Una alimentación sana es fundamental para la salud y debe contener una variedad de alimentos como frutas, verduras, legumbres, frutos secos y cereales integrales. Estos componentes son esenciales para una dieta equilibrada y un bienestar óptimo.

Consumo de frutas y verduras: la situación en Chile
Recomendaciones de consumo
Se recomienda consumir al menos 400 gramos al día de frutas y hortalizas, lo que equivale a cinco porciones de 80 gramos cada una. Esta ingesta diaria es crucial para asegurar el aporte de vitaminas, minerales y fibra necesarios para el organismo.
Realidad del consumo en Chile
A pesar de estas recomendaciones, en Chile solo el 15% de la población cumple con las cinco porciones diarias sugeridas. Esta cifra es preocupante, especialmente considerando que el país es un gran productor y exportador de frutas a nivel mundial.
- Primer exportador de cerezas
- Primer exportador de arándanos
- Primer exportador de uva de mesa
- Primer exportador de ciruelas
- Posiciones destacadas en manzanas, frambuesas y otros berries
- Importante productor de paltas y kiwis
Además, la accesibilidad no es un problema, ya que existen más de 1.100 ferias libres en el país donde se venden frutas y hortalizas de buena calidad a precios razonables.

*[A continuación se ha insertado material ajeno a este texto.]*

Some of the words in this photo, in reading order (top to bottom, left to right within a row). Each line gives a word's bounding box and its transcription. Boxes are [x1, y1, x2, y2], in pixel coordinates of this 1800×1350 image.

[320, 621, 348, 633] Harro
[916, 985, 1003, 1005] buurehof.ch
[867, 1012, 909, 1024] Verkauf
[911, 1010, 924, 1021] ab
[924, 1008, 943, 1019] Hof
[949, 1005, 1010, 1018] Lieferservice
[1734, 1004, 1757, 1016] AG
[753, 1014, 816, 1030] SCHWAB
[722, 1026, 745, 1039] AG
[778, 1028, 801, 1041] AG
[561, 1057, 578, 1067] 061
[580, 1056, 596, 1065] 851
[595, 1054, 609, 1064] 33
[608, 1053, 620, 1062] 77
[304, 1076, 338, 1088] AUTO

Factores que influyen en el bajo consumo
La población chilena, en general, está consciente de los beneficios de una alimentación saludable y de la necesidad de consumir frutas y verduras por su efecto positivo para la salud. Sin embargo, en la práctica, prefieren alimentos envasados y comida rápida.
La oportunidad perdida durante la pandemia
La reciente pandemia de coronavirus pudo haber representado una oportunidad para aumentar el consumo de frutas y verduras, ya que la cadena alimentaria, desde la producción hasta la venta en ferias libres, almacenes y supermercados, nunca se interrumpió. Además, muchas personas tuvieron más tiempo para cocinar en casa, pero este tiempo a menudo se utilizó para preparar pan, pastelería, masas y frituras, en lugar de platos saludables de la cocina tradicional, ensaladas y frutas de postre.
Disrupción de las Cadenas de Suministro de Alimentos durante la pandemia.
Costo y saciedad
Una de las razones esgrimidas para no adoptar una alimentación saludable es su alto costo. Si bien el precio de frutas y verduras puede variar según la estacionalidad, en muy pocos casos el kilo de fruta supera el valor de un kilo de pan o un litro de bebida o jugo azucarado, productos que son comunes en los hogares chilenos.
Otra razón es la saciedad que produce el pan en comparación con la fruta, aunque algunas frutas como el plátano sí proporcionan una sensación de plenitud.
Desafío cultural y educación
El rol de la educación
Existe un tema cultural en el bajo consumo de frutas y verduras que debe abordarse desde los primeros años de escolaridad. Es crucial expandir el conocimiento de los niños sobre la variedad de hortalizas y frutas disponibles; actualmente, en hortalizas, solo conocen la lechuga, el tomate y la zanahoria, y en frutas, la manzana y el plátano.
Las frutas y verduras deben estar accesibles como colación en los recreos y en los almuerzos que entrega la Junaeb, para fomentar hábitos saludables desde temprana edad.
Iniciativas para fomentar el consumo
Ante esta realidad, el Gobierno de Chile y la Corporación 5 al día Chile impulsaron el Año Internacional de Frutas y Verduras ante Naciones Unidas, una iniciativa que fue aprobada para 2021. Este tipo de campañas buscan aumentar la conciencia y promover un mayor consumo.

Reducción de pérdidas y desperdicios
Además, se trabaja en disminuir las pérdidas y desperdicios de productos hortofrutícolas, que en algunos casos pueden llegar al 40% del total, desde la producción hasta el consumo. Esta reducción no solo beneficia la seguridad alimentaria, sino también la sostenibilidad.